Широкозадый, тупой фашистский возница везет её сейчас к гибели.
Я только что видел Штеттин. Видел я этот город с наблюдательного пункта одной из батарей, неподалеку от берега Одера. Глядел я в стереотрубу.
Стереотруба медленно вела меня вдоль набережных, погружённых в мёртвое гробовое молчание, проходила мимо пристаней, среди кранов, холмов каменного угля, поднималась выше, выходила на безмолвные улицы, остановилась возле колонны какого-то высокого, богато украшенного здания, по-видимому, театра, упёрлась в собор святого Иакова, прошла мимо ратуши и увидела дымящийся завод, едва ли не единственный работающий из всех некогда многочисленных заводов Штеттина. В немой, угрюмой, затаённой злобе лежал перед нами Штеттин. Он дремал в предсмертном сне; изредка где-то за городом поднимался белый ствол дыма — это немцы били по нашему, восточному берегу Одера.

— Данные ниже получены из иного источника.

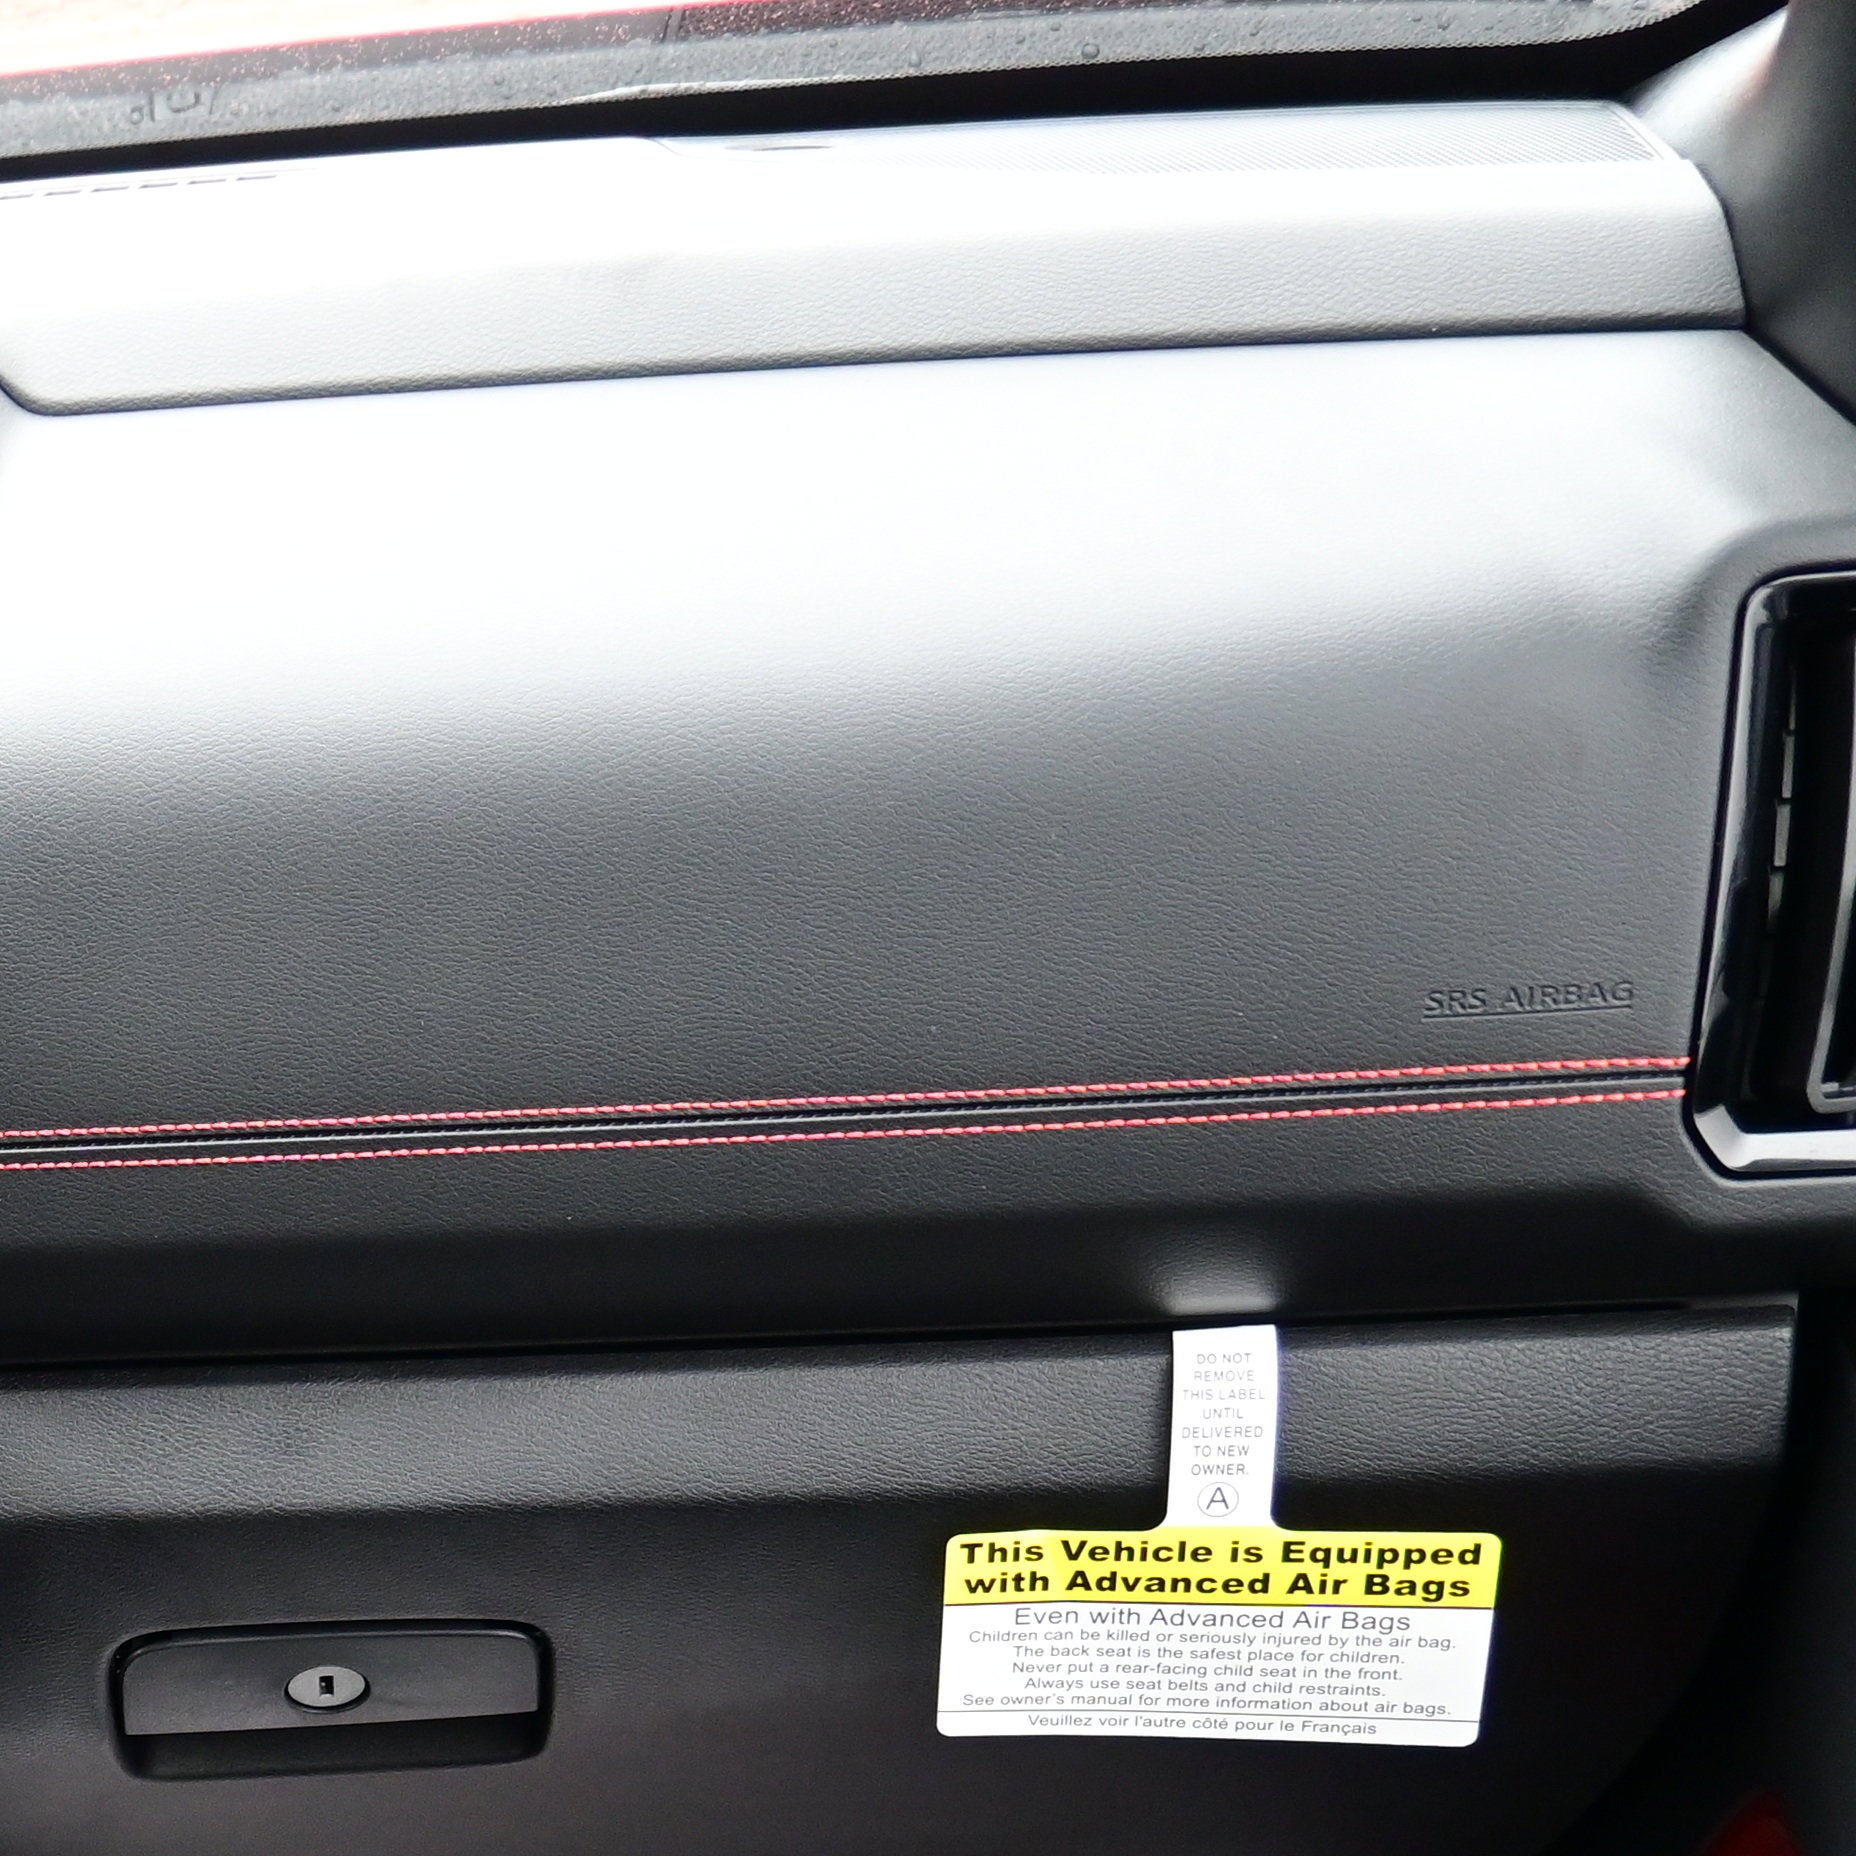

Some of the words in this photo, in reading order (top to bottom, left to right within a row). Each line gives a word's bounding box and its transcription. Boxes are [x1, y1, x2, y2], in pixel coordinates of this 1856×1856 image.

[1425, 988, 1488, 1014] SRS
[1497, 980, 1634, 1011] AIRBAG
[1197, 1354, 1217, 1364] DO
[1223, 1353, 1251, 1364] NOT
[1194, 1370, 1254, 1382] REMOVE
[1183, 1389, 1213, 1400] THIS
[1219, 1389, 1265, 1400] LABEL
[1203, 1408, 1243, 1419] UNTIL
[1182, 1426, 1263, 1438] DELIVERED
[1194, 1446, 1211, 1457] TO
[1217, 1445, 1250, 1456] NEW
[1191, 1464, 1248, 1475] OWNER.
[1206, 1487, 1229, 1509] A
[960, 1541, 1044, 1564] This
[1061, 1540, 1213, 1562] Vehicle
[1230, 1541, 1263, 1563] is
[1281, 1541, 1481, 1569] Equipped
[964, 1571, 1049, 1594] with
[1065, 1570, 1270, 1594] Advanced
[1286, 1573, 1348, 1595] Air
[1364, 1574, 1470, 1602] Bags
[1015, 1608, 1078, 1625] Even
[1090, 1608, 1140, 1625] with
[1149, 1609, 1284, 1628] Advanced
[1293, 1611, 1331, 1629] Air
[1342, 1612, 1410, 1634] Bags
[969, 1631, 1037, 1643] Children
[1044, 1631, 1073, 1640] can
[1081, 1630, 1100, 1640] be
[1107, 1630, 1150, 1641] killed
[1156, 1632, 1173, 1642] or
[1179, 1632, 1256, 1647] seriously
[1263, 1633, 1321, 1647] injured
[1329, 1634, 1349, 1647] by
[1356, 1635, 1382, 1647] the
[1389, 1636, 1411, 1648] air
[1418, 1636, 1456, 1651] bag.
[1013, 1646, 1044, 1657] The
[1051, 1646, 1089, 1657] back
[1096, 1647, 1131, 1657] seat
[1137, 1647, 1150, 1658] is
[1157, 1647, 1183, 1659] the
[1190, 1648, 1242, 1661] safest
[1247, 1650, 1294, 1663] place
[1301, 1651, 1324, 1662] for
[1330, 1651, 1404, 1664] children.
[963, 1694, 994, 1706] See
[1001, 1693, 1064, 1705] owner's
[1071, 1694, 1132, 1706] manual
[1138, 1695, 1160, 1706] for
[1167, 1698, 1209, 1707] more
[1216, 1697, 1312, 1711] information
[1319, 1700, 1368, 1713] about
[1375, 1701, 1397, 1714] air
[1404, 1702, 1451, 1717] bags.
[1028, 1715, 1092, 1727] Veuillez
[1099, 1717, 1129, 1727] voir
[1135, 1715, 1186, 1728] l'autre
[1193, 1717, 1228, 1729] côté
[1235, 1721, 1272, 1732] pour
[1280, 1720, 1295, 1732] le
[1302, 1720, 1377, 1736] Français

В стороне от дороги на Альтдамм и Штеттин есть узкое и продолговатое озеро. Небо в нависших тучах, ветер строгий, тугой, и оттого колючая проволока вокруг завода и вокруг рабочих бараков, её клинообразные колючки кажутся особенно густо разросшимися. Низкие ворота. Часовой, проверив наши документы, пропускает. Мы на территории секретного немецкого завода, вырабатывавшего морские торпеды, построенного недавно, едва ли не в 1943 году.
Длинные, приземистые корпуса разделены бетонными дорожками шириной в добрый переулок. Всё свободное пространство засажено молодыми соснами с целью маскировки. С той же целью заводские корпуса окрашены в густо-зелёный цвет. Электростанция за двойной стеной из кирпича. В машинном отделении электростанции есть люки, туда вложены плиты взрывчатки и подведены провода.
Нынешнее зимне-весеннее наступление, широкое и победоносное, с новой, необыкновенной силой показало всю мощность нашей тактики маневрирования. Мы наносим врагу удар в желаемом нами направлении и желаемой нами силы. Мы делаем то, что выгодно нам и невыгодно фашистам. Взять хотя бы этот торпедный завод. Куда как надо было немцам уничтожить эти цехи, машины, гидравлические прессы, чертежи — и всё было приготовлено для уничтожения, а уничтожить удалось немногое. Потопили испытательные катера, потопили в озере кое-какое оборудование, из трёх машин электростанции увезли одну, а многое, очень многое осталось, — и, как всегда после немцев, остались следы преступлений, скрыть их, уничтожить их невозможно.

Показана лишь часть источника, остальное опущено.